### What to do
With the pictures left out, restate every entry word for word.

(Dataset entries)
──────────────────────────────
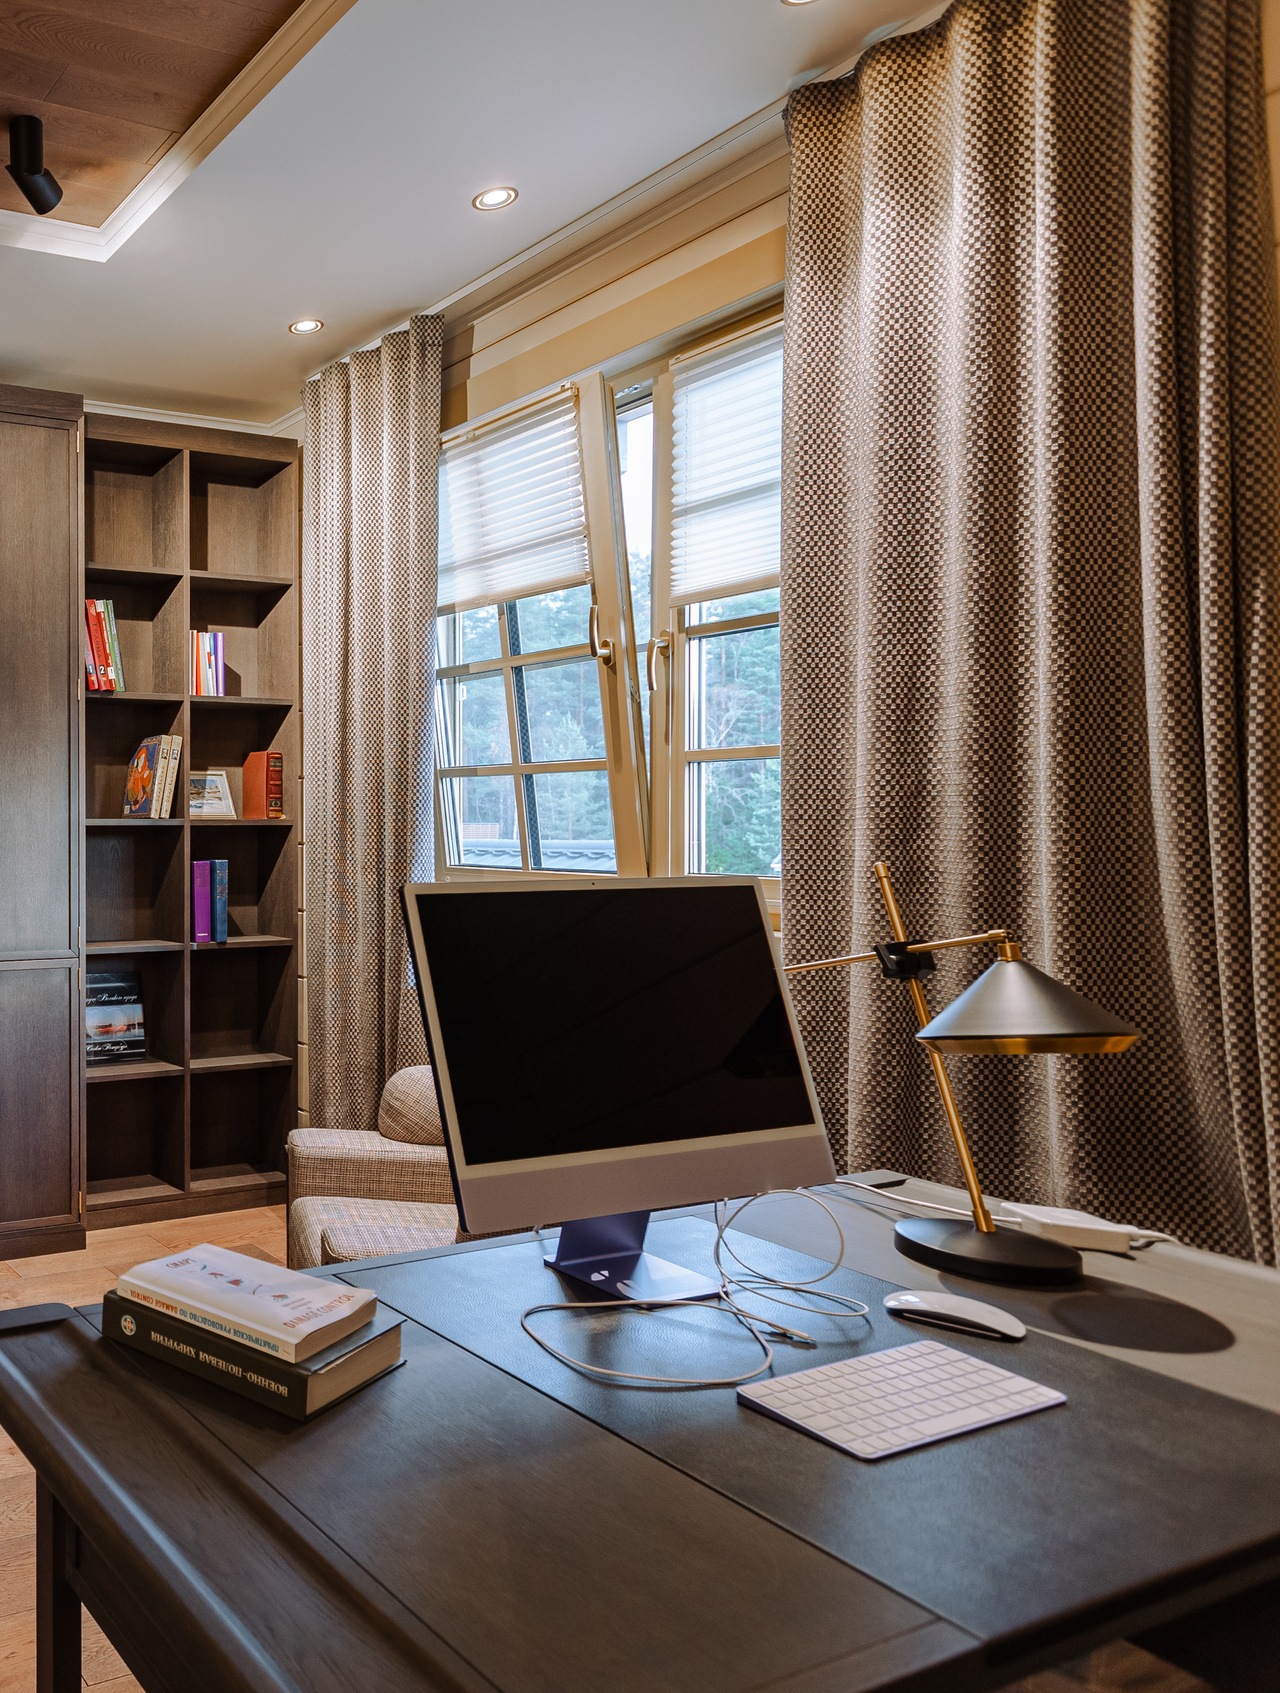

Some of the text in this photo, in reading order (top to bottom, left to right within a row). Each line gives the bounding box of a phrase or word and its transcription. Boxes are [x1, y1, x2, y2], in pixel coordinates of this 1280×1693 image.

[100, 665, 106, 674] 2
[130, 1290, 280, 1352] ПРАКТИЧЕСКОЕ РУКОВОДСТВО ПО DAMAGE CONTROL
[282, 1310, 324, 1328] DAMAGE
[316, 1294, 356, 1314] CONTROL
[151, 1331, 288, 1397] ВОЕННО-ПОЛЕВАЯ ХИРУРГИЯ
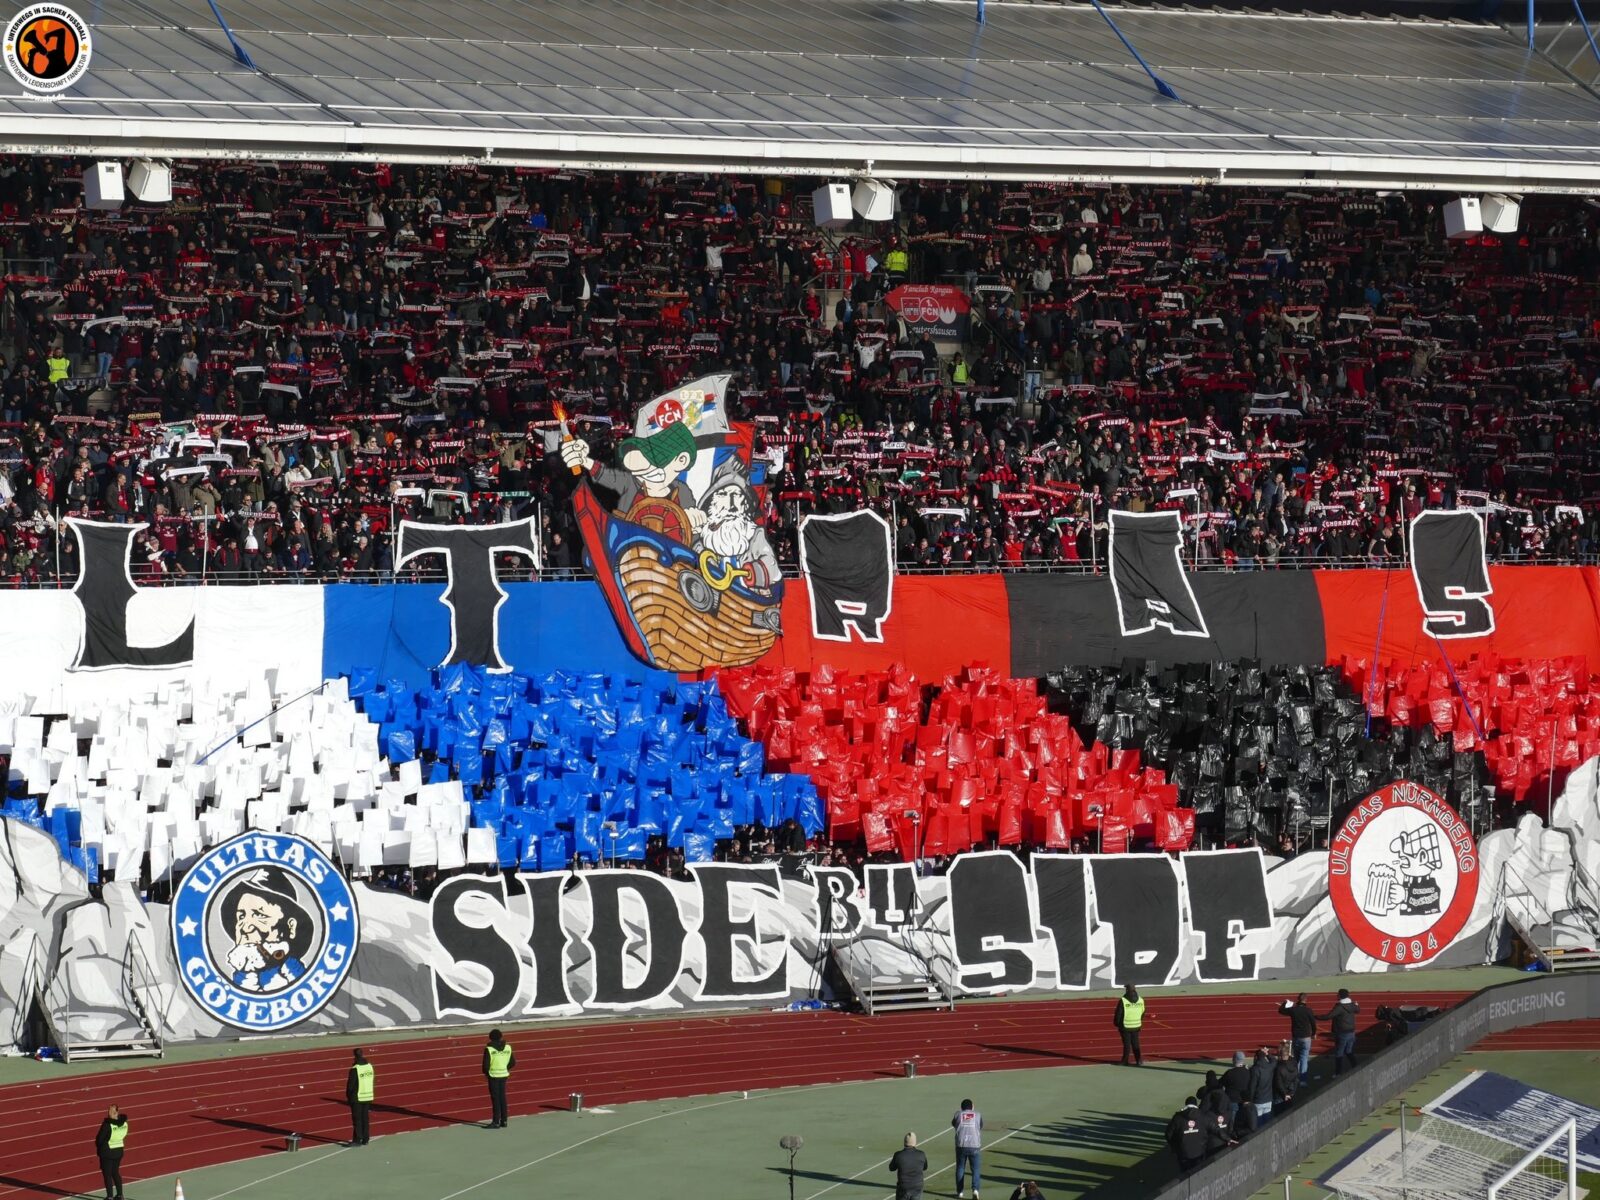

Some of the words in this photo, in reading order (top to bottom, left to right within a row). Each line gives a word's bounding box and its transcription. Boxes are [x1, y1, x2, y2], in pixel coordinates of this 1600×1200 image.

[903, 284, 928, 294] Fanclub
[921, 307, 938, 316] FCN
[663, 402, 672, 411] 1.
[658, 411, 682, 426] FCN
[128, 446, 146, 454] CLUB
[1331, 796, 1383, 875] ULTRAS
[1391, 783, 1475, 873] NÜRNBERG
[187, 836, 330, 894] ULTRAS
[430, 861, 791, 1021] SIDE
[946, 846, 1275, 993] SIDE
[1381, 932, 1438, 961] 1994
[186, 942, 347, 1024] GÖTEBORG
──────────────────────────────
### Your response
Some of the text in this photo, in reading order (top to bottom, left to right within a row). Each line gives the bounding box of a phrase or word and its transcription. Boxes are [x1, y1, x2, y2], in pixel coordinates of this 1280×1693 image.

[100, 665, 106, 674] 2
[130, 1290, 280, 1352] ПРАКТИЧЕСКОЕ РУКОВОДСТВО ПО DAMAGE CONTROL
[282, 1310, 324, 1328] DAMAGE
[316, 1294, 356, 1314] CONTROL
[151, 1331, 288, 1397] ВОЕННО-ПОЛЕВАЯ ХИРУРГИЯ

Some of the words in this photo, in reading order (top to bottom, left to right within a row). Each line gives a word's bounding box and its transcription. Boxes are [x1, y1, x2, y2], in pixel coordinates of this 1600×1200 image.

[903, 284, 928, 294] Fanclub
[921, 307, 938, 316] FCN
[663, 402, 672, 411] 1.
[658, 411, 682, 426] FCN
[128, 446, 146, 454] CLUB
[1331, 796, 1383, 875] ULTRAS
[1391, 783, 1475, 873] NÜRNBERG
[187, 836, 330, 894] ULTRAS
[430, 861, 791, 1021] SIDE
[946, 846, 1275, 993] SIDE
[1381, 932, 1438, 961] 1994
[186, 942, 347, 1024] GÖTEBORG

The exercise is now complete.